> Assignment:
Given the records below, transcribe each of them exactly.

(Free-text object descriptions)
=-=-=

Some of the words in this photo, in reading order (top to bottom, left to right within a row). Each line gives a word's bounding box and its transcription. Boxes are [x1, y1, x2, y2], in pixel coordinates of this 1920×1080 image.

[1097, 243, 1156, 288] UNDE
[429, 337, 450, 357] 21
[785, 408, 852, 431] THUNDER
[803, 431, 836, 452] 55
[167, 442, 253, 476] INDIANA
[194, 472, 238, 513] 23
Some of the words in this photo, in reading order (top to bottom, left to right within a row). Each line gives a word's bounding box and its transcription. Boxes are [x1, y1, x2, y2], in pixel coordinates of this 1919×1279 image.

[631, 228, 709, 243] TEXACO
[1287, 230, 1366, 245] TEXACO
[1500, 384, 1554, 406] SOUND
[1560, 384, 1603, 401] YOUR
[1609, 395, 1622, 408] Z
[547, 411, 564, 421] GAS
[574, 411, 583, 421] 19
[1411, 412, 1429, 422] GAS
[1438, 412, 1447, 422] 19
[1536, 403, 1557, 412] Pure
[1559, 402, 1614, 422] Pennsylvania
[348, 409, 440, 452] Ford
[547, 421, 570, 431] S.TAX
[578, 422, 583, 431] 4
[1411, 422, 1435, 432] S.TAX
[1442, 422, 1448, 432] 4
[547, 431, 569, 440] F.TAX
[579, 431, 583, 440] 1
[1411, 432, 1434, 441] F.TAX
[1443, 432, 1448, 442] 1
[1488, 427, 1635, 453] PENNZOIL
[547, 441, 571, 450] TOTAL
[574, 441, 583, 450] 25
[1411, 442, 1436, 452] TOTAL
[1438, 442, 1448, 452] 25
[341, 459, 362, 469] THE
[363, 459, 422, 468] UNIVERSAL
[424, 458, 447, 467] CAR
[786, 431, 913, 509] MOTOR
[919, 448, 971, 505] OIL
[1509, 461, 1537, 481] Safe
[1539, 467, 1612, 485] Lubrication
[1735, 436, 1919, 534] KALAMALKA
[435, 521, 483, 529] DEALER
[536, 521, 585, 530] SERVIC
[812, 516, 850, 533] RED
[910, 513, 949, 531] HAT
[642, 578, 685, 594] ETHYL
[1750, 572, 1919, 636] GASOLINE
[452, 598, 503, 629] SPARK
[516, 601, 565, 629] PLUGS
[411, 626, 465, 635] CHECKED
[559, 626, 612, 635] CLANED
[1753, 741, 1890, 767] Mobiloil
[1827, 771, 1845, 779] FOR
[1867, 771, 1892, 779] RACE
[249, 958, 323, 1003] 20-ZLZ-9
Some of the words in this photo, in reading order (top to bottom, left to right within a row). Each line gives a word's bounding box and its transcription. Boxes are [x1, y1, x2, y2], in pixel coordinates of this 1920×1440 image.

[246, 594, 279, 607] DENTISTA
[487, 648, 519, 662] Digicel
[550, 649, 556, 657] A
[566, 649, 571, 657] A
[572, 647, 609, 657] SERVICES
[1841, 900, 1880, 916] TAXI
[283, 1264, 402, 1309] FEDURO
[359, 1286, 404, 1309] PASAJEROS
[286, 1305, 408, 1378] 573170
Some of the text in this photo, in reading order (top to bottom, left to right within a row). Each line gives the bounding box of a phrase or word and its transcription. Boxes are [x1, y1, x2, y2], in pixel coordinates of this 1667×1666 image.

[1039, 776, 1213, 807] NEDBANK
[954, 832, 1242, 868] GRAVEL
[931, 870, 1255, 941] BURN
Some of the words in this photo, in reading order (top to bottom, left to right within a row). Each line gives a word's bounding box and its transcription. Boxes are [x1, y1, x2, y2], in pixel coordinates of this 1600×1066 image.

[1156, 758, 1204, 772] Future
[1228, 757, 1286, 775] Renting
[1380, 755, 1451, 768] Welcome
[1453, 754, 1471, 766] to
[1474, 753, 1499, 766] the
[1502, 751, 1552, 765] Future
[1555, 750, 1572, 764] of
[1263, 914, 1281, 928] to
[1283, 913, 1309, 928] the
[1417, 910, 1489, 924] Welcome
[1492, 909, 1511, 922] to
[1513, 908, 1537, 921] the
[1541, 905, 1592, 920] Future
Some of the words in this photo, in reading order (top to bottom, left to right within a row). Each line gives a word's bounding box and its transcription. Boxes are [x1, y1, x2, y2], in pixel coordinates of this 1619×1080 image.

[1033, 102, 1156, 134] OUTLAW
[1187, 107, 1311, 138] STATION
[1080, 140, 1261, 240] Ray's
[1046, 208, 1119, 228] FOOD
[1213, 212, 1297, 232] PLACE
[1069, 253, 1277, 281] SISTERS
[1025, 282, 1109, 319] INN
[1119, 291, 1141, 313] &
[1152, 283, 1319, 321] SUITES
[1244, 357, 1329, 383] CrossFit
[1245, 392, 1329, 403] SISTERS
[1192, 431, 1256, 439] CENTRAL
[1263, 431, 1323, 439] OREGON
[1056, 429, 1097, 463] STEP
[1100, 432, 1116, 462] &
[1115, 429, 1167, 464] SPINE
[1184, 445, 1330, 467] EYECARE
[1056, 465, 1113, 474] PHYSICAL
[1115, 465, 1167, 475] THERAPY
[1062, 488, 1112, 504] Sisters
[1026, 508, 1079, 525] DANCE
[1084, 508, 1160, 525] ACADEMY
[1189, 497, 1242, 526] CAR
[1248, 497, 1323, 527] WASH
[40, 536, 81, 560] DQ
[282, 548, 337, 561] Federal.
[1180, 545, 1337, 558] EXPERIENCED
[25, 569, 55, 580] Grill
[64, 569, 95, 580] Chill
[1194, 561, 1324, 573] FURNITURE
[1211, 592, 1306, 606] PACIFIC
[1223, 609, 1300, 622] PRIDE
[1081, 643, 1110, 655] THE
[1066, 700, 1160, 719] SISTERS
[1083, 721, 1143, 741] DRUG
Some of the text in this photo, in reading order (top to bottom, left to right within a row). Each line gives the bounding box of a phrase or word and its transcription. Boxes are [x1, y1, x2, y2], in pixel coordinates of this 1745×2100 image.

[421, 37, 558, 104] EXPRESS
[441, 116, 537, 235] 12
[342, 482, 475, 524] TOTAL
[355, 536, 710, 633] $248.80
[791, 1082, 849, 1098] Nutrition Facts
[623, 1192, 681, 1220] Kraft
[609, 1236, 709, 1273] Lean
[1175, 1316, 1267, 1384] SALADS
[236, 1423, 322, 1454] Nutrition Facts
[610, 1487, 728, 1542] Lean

=-=-=

> Finished task:
Some of the words in this photo, in reading order (top to bottom, left to right within a row). Each line gives a word's bounding box and its transcription. Boxes are [x1, y1, x2, y2], in pixel coordinates of this 1920×1080 image.

[1097, 243, 1156, 288] UNDE
[429, 337, 450, 357] 21
[785, 408, 852, 431] THUNDER
[803, 431, 836, 452] 55
[167, 442, 253, 476] INDIANA
[194, 472, 238, 513] 23
Some of the words in this photo, in reading order (top to bottom, left to right within a row). Each line gives a word's bounding box and its transcription. Boxes are [x1, y1, x2, y2], in pixel coordinates of this 1919×1279 image.

[631, 228, 709, 243] TEXACO
[1287, 230, 1366, 245] TEXACO
[1500, 384, 1554, 406] SOUND
[1560, 384, 1603, 401] YOUR
[1609, 395, 1622, 408] Z
[547, 411, 564, 421] GAS
[574, 411, 583, 421] 19
[1411, 412, 1429, 422] GAS
[1438, 412, 1447, 422] 19
[1536, 403, 1557, 412] Pure
[1559, 402, 1614, 422] Pennsylvania
[348, 409, 440, 452] Ford
[547, 421, 570, 431] S.TAX
[578, 422, 583, 431] 4
[1411, 422, 1435, 432] S.TAX
[1442, 422, 1448, 432] 4
[547, 431, 569, 440] F.TAX
[579, 431, 583, 440] 1
[1411, 432, 1434, 441] F.TAX
[1443, 432, 1448, 442] 1
[1488, 427, 1635, 453] PENNZOIL
[547, 441, 571, 450] TOTAL
[574, 441, 583, 450] 25
[1411, 442, 1436, 452] TOTAL
[1438, 442, 1448, 452] 25
[341, 459, 362, 469] THE
[363, 459, 422, 468] UNIVERSAL
[424, 458, 447, 467] CAR
[786, 431, 913, 509] MOTOR
[919, 448, 971, 505] OIL
[1509, 461, 1537, 481] Safe
[1539, 467, 1612, 485] Lubrication
[1735, 436, 1919, 534] KALAMALKA
[435, 521, 483, 529] DEALER
[536, 521, 585, 530] SERVIC
[812, 516, 850, 533] RED
[910, 513, 949, 531] HAT
[642, 578, 685, 594] ETHYL
[1750, 572, 1919, 636] GASOLINE
[452, 598, 503, 629] SPARK
[516, 601, 565, 629] PLUGS
[411, 626, 465, 635] CHECKED
[559, 626, 612, 635] CLANED
[1753, 741, 1890, 767] Mobiloil
[1827, 771, 1845, 779] FOR
[1867, 771, 1892, 779] RACE
[249, 958, 323, 1003] 20-ZLZ-9
Some of the words in this photo, in reading order (top to bottom, left to right within a row). Each line gives a word's bounding box and its transcription. Boxes are [x1, y1, x2, y2], in pixel coordinates of this 1920×1440 image.

[246, 594, 279, 607] DENTISTA
[487, 648, 519, 662] Digicel
[550, 649, 556, 657] A
[566, 649, 571, 657] A
[572, 647, 609, 657] SERVICES
[1841, 900, 1880, 916] TAXI
[283, 1264, 402, 1309] FEDURO
[359, 1286, 404, 1309] PASAJEROS
[286, 1305, 408, 1378] 573170
Some of the text in this photo, in reading order (top to bottom, left to right within a row). Each line gives the bounding box of a phrase or word and its transcription. Boxes are [x1, y1, x2, y2], in pixel coordinates of this 1667×1666 image.

[1039, 776, 1213, 807] NEDBANK
[954, 832, 1242, 868] GRAVEL
[931, 870, 1255, 941] BURN
Some of the words in this photo, in reading order (top to bottom, left to right within a row). Each line gives a word's bounding box and its transcription. Boxes are [x1, y1, x2, y2], in pixel coordinates of this 1600×1066 image.

[1156, 758, 1204, 772] Future
[1228, 757, 1286, 775] Renting
[1380, 755, 1451, 768] Welcome
[1453, 754, 1471, 766] to
[1474, 753, 1499, 766] the
[1502, 751, 1552, 765] Future
[1555, 750, 1572, 764] of
[1263, 914, 1281, 928] to
[1283, 913, 1309, 928] the
[1417, 910, 1489, 924] Welcome
[1492, 909, 1511, 922] to
[1513, 908, 1537, 921] the
[1541, 905, 1592, 920] Future
Some of the words in this photo, in reading order (top to bottom, left to right within a row). Each line gives a word's bounding box and its transcription. Boxes are [x1, y1, x2, y2], in pixel coordinates of this 1619×1080 image.

[1033, 102, 1156, 134] OUTLAW
[1187, 107, 1311, 138] STATION
[1080, 140, 1261, 240] Ray's
[1046, 208, 1119, 228] FOOD
[1213, 212, 1297, 232] PLACE
[1069, 253, 1277, 281] SISTERS
[1025, 282, 1109, 319] INN
[1119, 291, 1141, 313] &
[1152, 283, 1319, 321] SUITES
[1244, 357, 1329, 383] CrossFit
[1245, 392, 1329, 403] SISTERS
[1192, 431, 1256, 439] CENTRAL
[1263, 431, 1323, 439] OREGON
[1056, 429, 1097, 463] STEP
[1100, 432, 1116, 462] &
[1115, 429, 1167, 464] SPINE
[1184, 445, 1330, 467] EYECARE
[1056, 465, 1113, 474] PHYSICAL
[1115, 465, 1167, 475] THERAPY
[1062, 488, 1112, 504] Sisters
[1026, 508, 1079, 525] DANCE
[1084, 508, 1160, 525] ACADEMY
[1189, 497, 1242, 526] CAR
[1248, 497, 1323, 527] WASH
[40, 536, 81, 560] DQ
[282, 548, 337, 561] Federal.
[1180, 545, 1337, 558] EXPERIENCED
[25, 569, 55, 580] Grill
[64, 569, 95, 580] Chill
[1194, 561, 1324, 573] FURNITURE
[1211, 592, 1306, 606] PACIFIC
[1223, 609, 1300, 622] PRIDE
[1081, 643, 1110, 655] THE
[1066, 700, 1160, 719] SISTERS
[1083, 721, 1143, 741] DRUG
Some of the text in this photo, in reading order (top to bottom, left to right within a row). Each line gives the bounding box of a phrase or word and its transcription. Boxes are [x1, y1, x2, y2], in pixel coordinates of this 1745×2100 image.

[421, 37, 558, 104] EXPRESS
[441, 116, 537, 235] 12
[342, 482, 475, 524] TOTAL
[355, 536, 710, 633] $248.80
[791, 1082, 849, 1098] Nutrition Facts
[623, 1192, 681, 1220] Kraft
[609, 1236, 709, 1273] Lean
[1175, 1316, 1267, 1384] SALADS
[236, 1423, 322, 1454] Nutrition Facts
[610, 1487, 728, 1542] Lean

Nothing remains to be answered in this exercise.